Pointer operations and operator precedence in C

Question

Background

Just had a chat with a C guy today and we disagreed on the following:

int intgA[2] = { 1, 2 };
int intgB[2] = { 3, 5 };

int *intAPtr = intgA;
int *intBPtr = intgB;

So when we do:

*intAPtr++ = *intBPtr++;

My analysis

First:

intBPtr increments by one, now pointing to the address of 5. Then, deference, holding the value 5;

intAPtr also increments by one, now pointing to the address of 2. Subsequently referencing and the value is 2;

Lastly:

2 is replaced by 5.

So respectively they are: 5 and 5.

His analysis

The value of *intBPtr is first assigned to *intAPtr first.

Hence, they become: 3 and 3.

Then both *intAPtr and *intBPtr is incremented by one.

So, respectively they become: 4 and 4.

My Assumption

I thought the ++ operator takes precedence both over * and =, hence my assertion.

For example if we had:

*intAPtr++; 

The result should be 2, right?

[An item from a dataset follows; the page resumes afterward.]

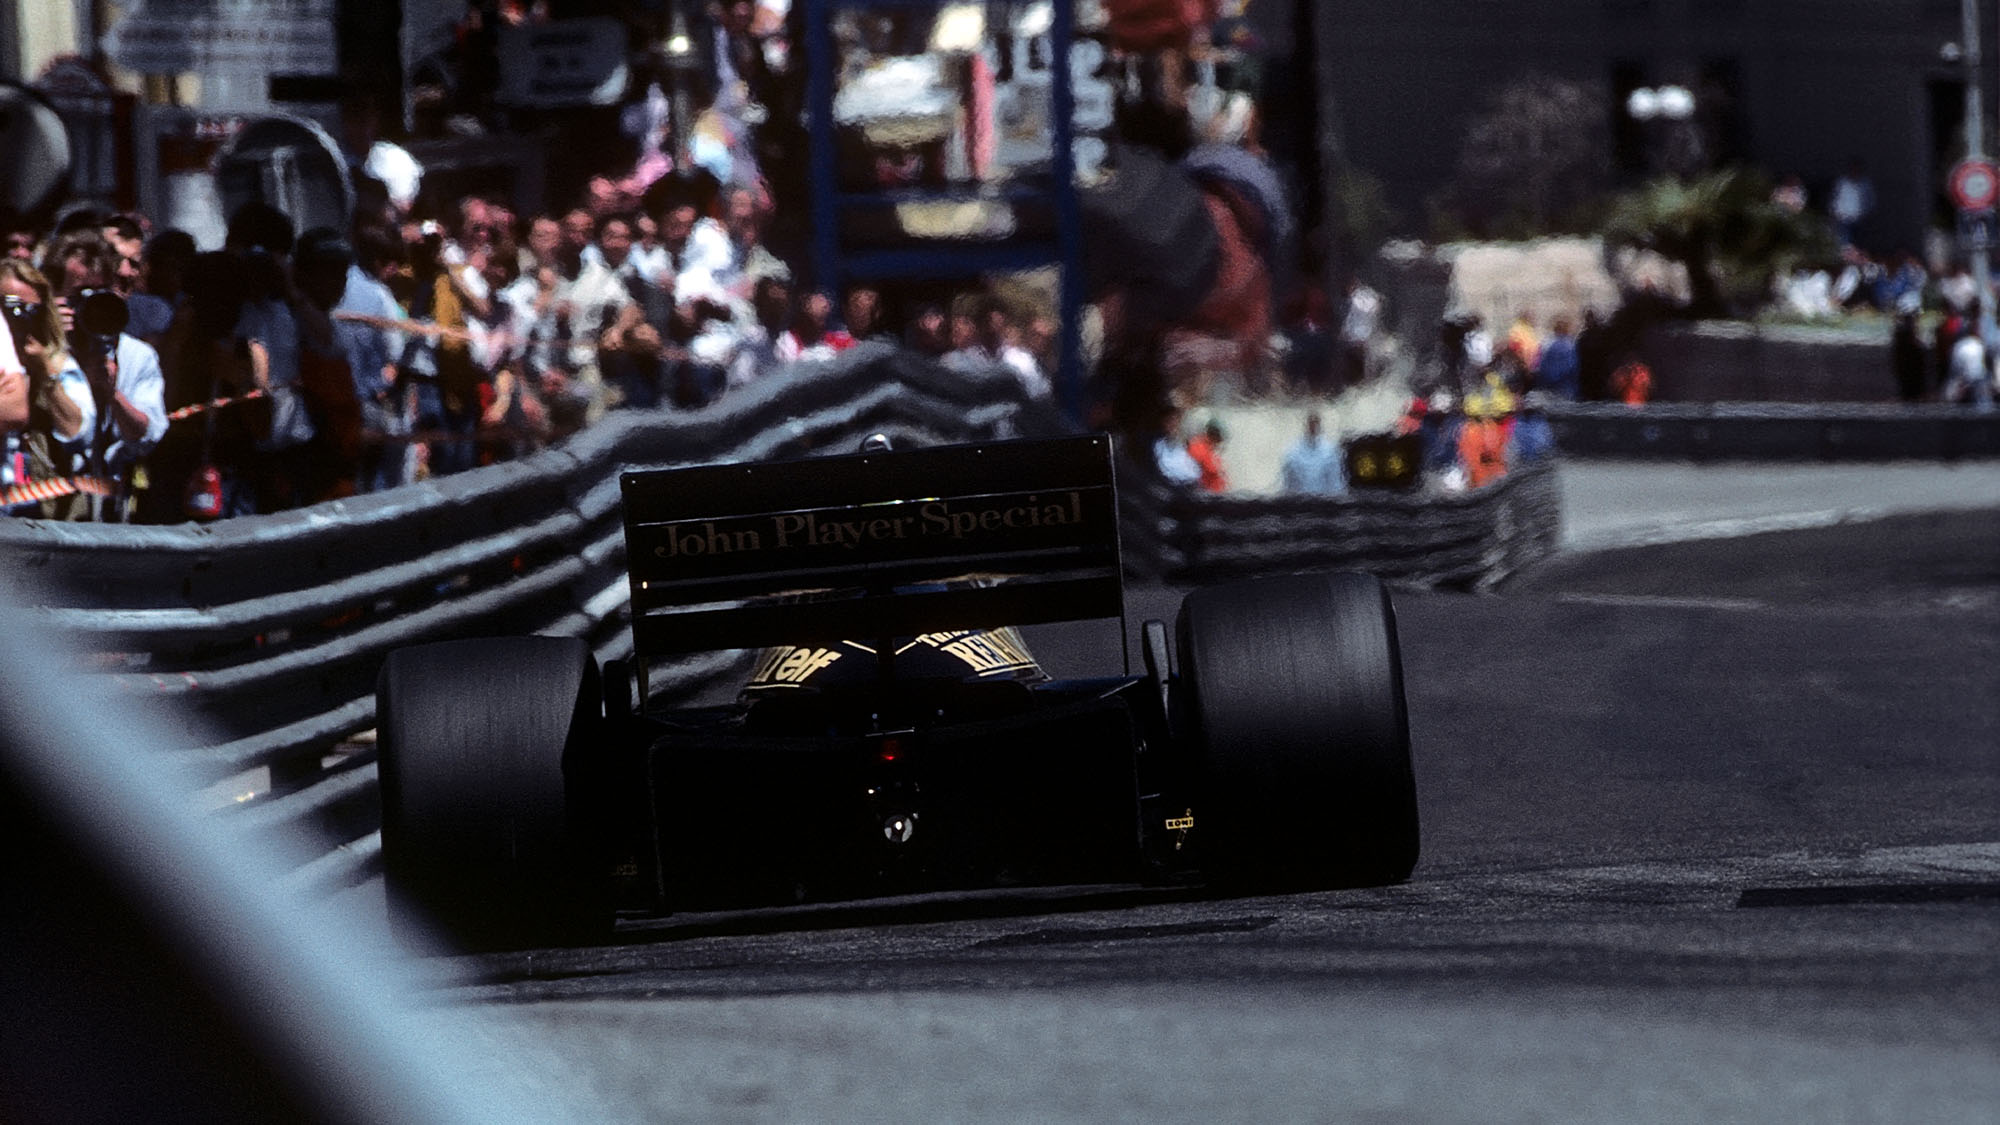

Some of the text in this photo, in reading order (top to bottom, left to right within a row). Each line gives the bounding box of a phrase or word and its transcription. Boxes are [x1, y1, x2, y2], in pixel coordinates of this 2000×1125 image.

[653, 492, 1084, 558] John Player Special
[775, 648, 842, 682] elf
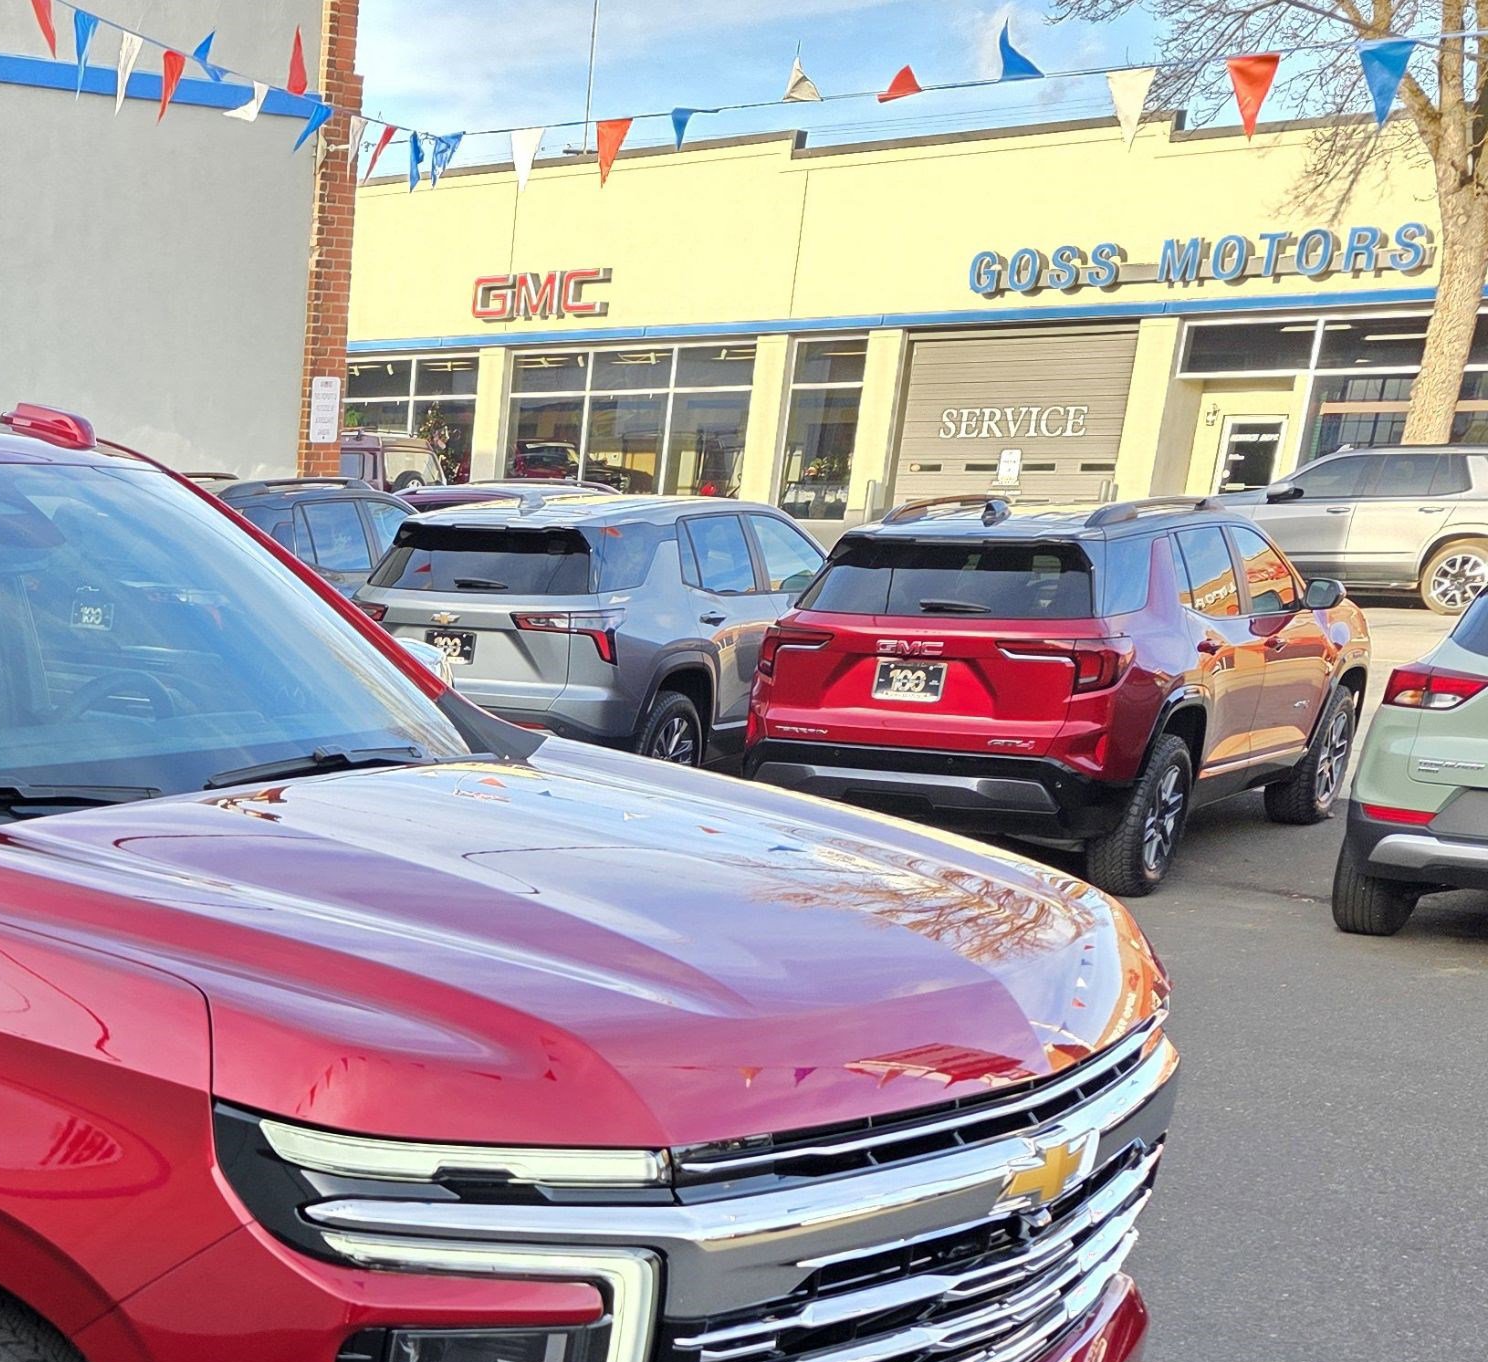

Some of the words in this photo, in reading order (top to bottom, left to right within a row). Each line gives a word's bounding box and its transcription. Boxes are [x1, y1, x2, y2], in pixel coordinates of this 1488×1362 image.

Because we first increment the pointer and then dereference.

So why in the above case, as he claims, we first assign the value of intBPtr to the value of intAPtr and increment the values last?

After having taken all suggestions here, I ran the code in IDE and the result confirms that of @sujin:

Although it confirms that I was right at least in terms of precedence:

That: *intAPtr++ = *intBPtr++;

intAPtr++ has a higher precedence, which leads to: intAPtr increments its address by 1.

Now pointing to: the address of 2.

And likewise:

intBPtr++ also increments by 1 (address).

Now pointing to: the address of 5.

Then it's *'s turn:

So the both get dereferenced (*) to respectively 2 and 5.

But the problem exists still because the assignment above (=) did not seem to take place.

If it did both would become 5.

Looking forward to being further enlightened.

Answer 1

The statement

*intAPtr++ = *intBPtr++;

is parsed as

*(intAPtr++) = *(intBPtr++);

and breaks down as follows:

• The value currently pointed to by intBPtr (3) is assigned to the location pointed to by intAPtr (intgA[0]);
• The pointers intAPtr and intBPtr are incremented.

The exact order in which these things happen is unspecified; you cannot rely on intBPtr being incremented after intAPtr or vice-versa, nor can you rely on the assignment occuring before the increments, etc.

So by the time this is all done, intgA[0] == 3 and intAPtr == &intgA[1] and intBPtr == &intgB[1].

The expression a++ evaluates to the value of a before the increment.